Ça m'a rappelé une conversation des années 80 concernant le terme "brave". Si je qualifiais quelqu'un de brave, c'était pour admirer son courage ; quand des collègues du sud du pays, traitaient de "brave" un benêt. 

En attendant, ça fait peut-être cinq à dix ans que je me mets à dos des gens par le simple fait de parler un français nuancé.

Ça m'a d'ailleurs rappelé un malentendu avec un jeune auteur dont j'avais cité les paroles lors d'une présentation, trouvant une formule percutante, et qu'il avait pris pour une moquerie. Je comprends désormais mieux le quiproquo.

Avis aux conversants de différentes générations : méfiez-vous que le sens des mots et leur connotation n'est pas le même selon les âges (et les régions). 


Un pschitt comac et une journée où des manifs ont eu lieu

 

    Malgré que je circule en VTT (parce que c'est le vélo que j'ai en dehors de celui du triathlon), je me suis mangée un pschitt comac heureusement presque en arrivant au travail. Un vrai de vrai pschitt avec le pneu à plat d'un seul coup et qui fait freiner. Une crevaison de dessin animé. 

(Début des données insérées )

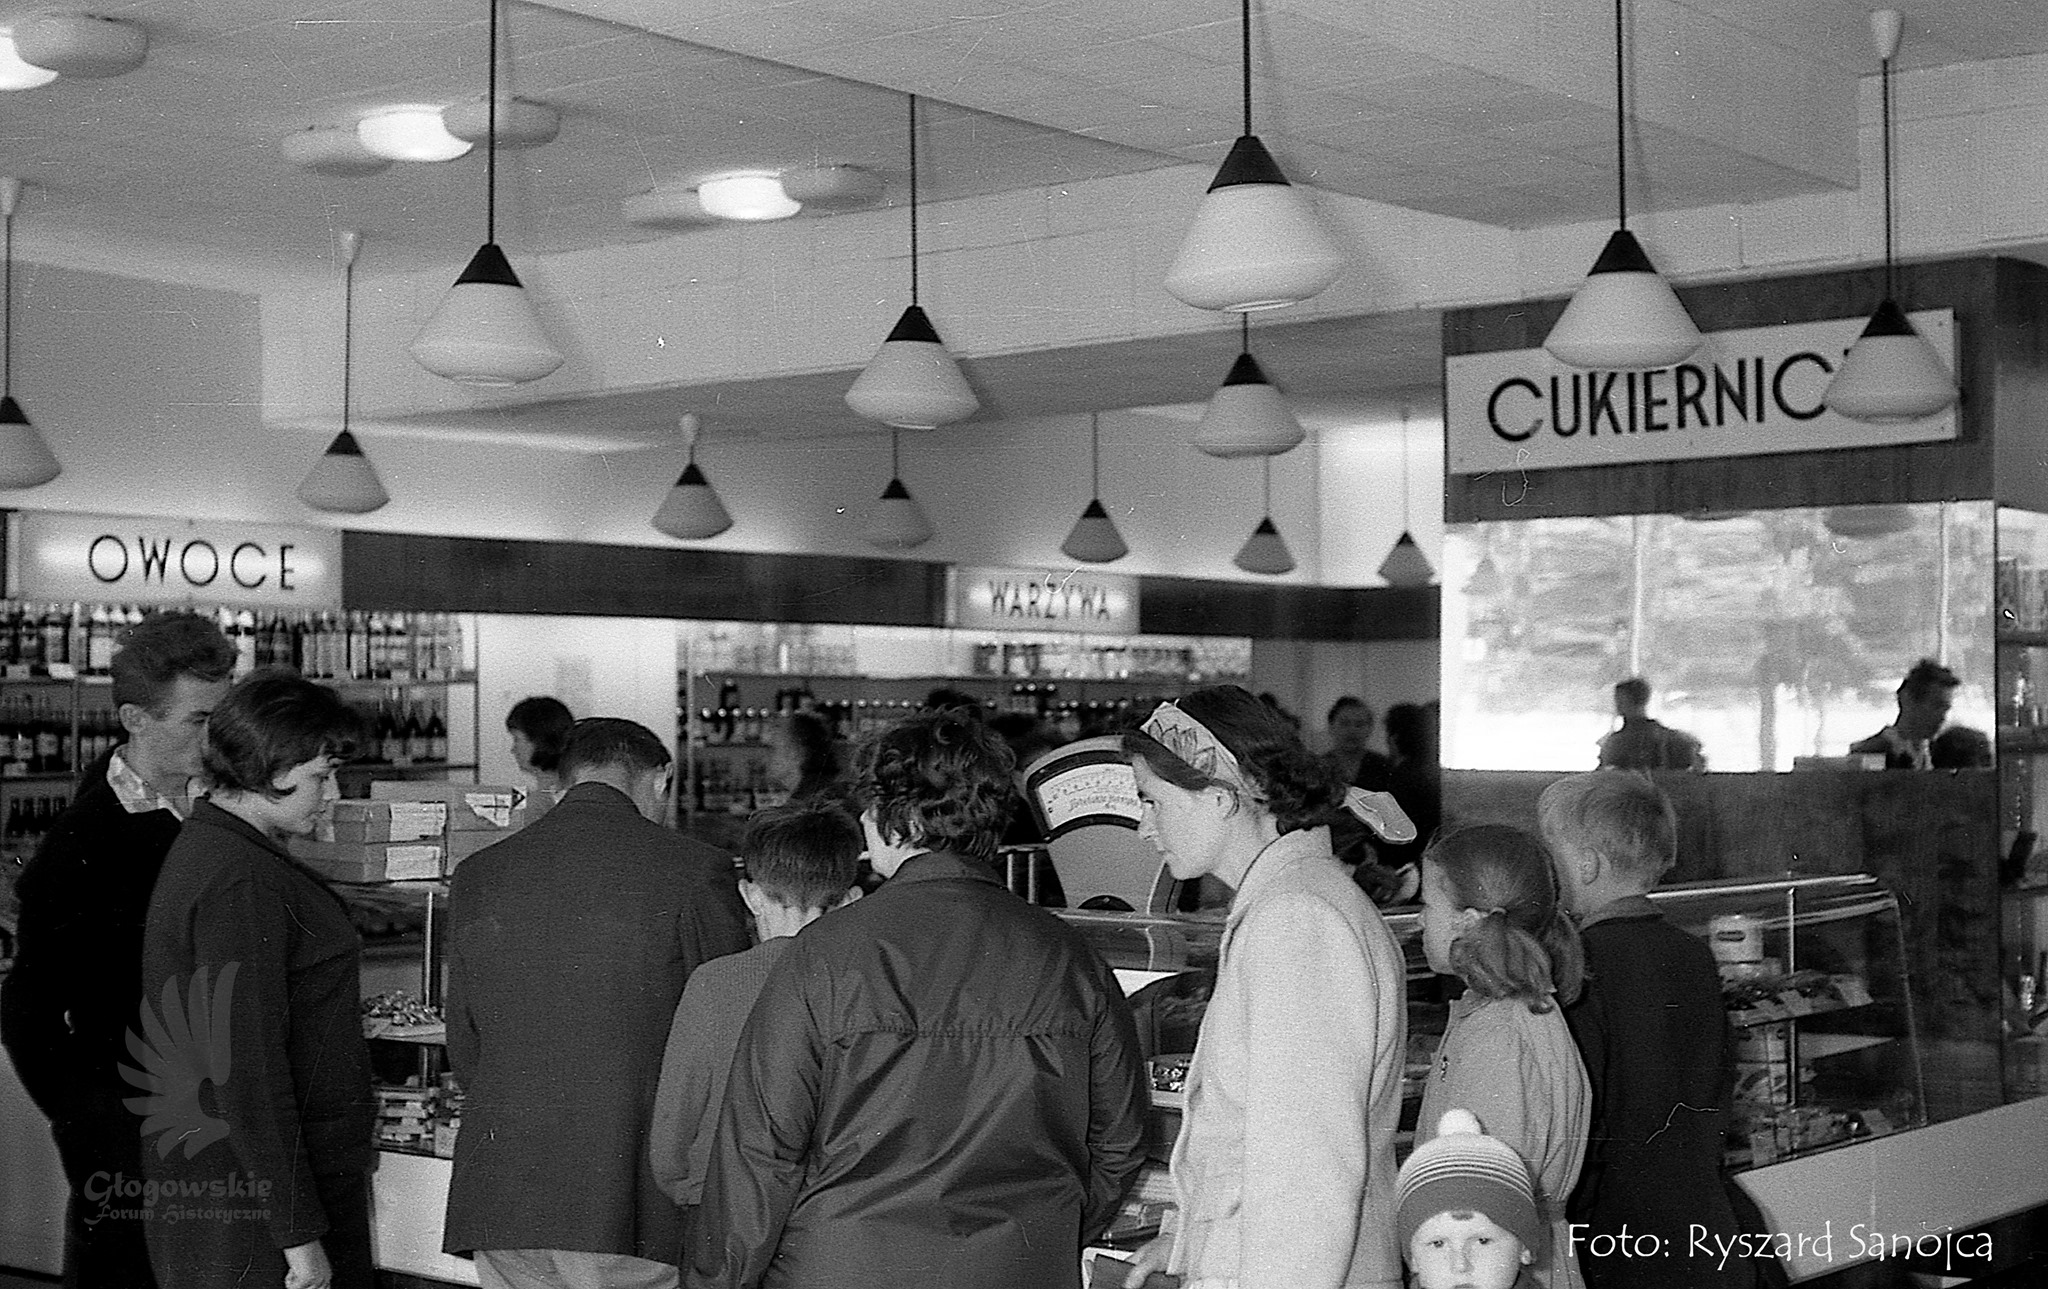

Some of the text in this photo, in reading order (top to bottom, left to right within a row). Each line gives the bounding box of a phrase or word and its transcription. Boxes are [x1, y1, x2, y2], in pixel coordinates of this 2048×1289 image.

[1487, 348, 1851, 442] CUKIERNIC
[89, 534, 295, 590] OWOCE
[989, 580, 1110, 620] WARZYWA

Le réparateur (de chez Culture Vélo où ils me l'ont pris immédiatement pendant ma pause déjeuner) m'a fait voir le morceau de verre effilé qui avait créé le problème. Le coup de l'opération aura été de 16 €, autant dire que j'ai bossé 2h rien que pour payer la réparation de la crevaison issue de mon trajet pour aller travailler. 

(je ne dis pas ça pour dire que le tarif était trop cher, le travail a été fait vite et bien et en plus mon problème de roue qui semblait voilée a été résolu dans la foulée ; je disais ça pour témoigner que le coût du boulot est parfois élevé par rapport à ce qu'on peut y gagner)

 

Sur le chemin entre le travail et une soirée où je me rendais, j'ai croisé une foule de véhicules de police et CRS, certains garés (lorsqu'on se rapprochait des quartiers centraux), d'autres qui quittaient Paris en passant par Passy. Concentrée sur mon travail en librairie, j'avais complètement oublié les mouvements de protestation actuels pour défendre (tenter de) notre système actuel de retraites (par répartition plutôt que par capitalisation). Ça m'a fait bizarre de me trouver confrontée sortie de travail à cette atmosphère de guerre civile menaçant.

La veille, vers la même heure, j'avais croisé un bus noir d'apparence luxueuse, dûment escorté et qui semblait filer vers Versailles. Je m'étais in petto tout en rigolant dit que c'était peut-être un remake de la fuite à Varennes. Mais j'avais beau en rire, ce bus et cette escorte (avec gyrophares, sirène et haut parleur pour dire en substance Dégagez plus vite que ça !) c'était flippant.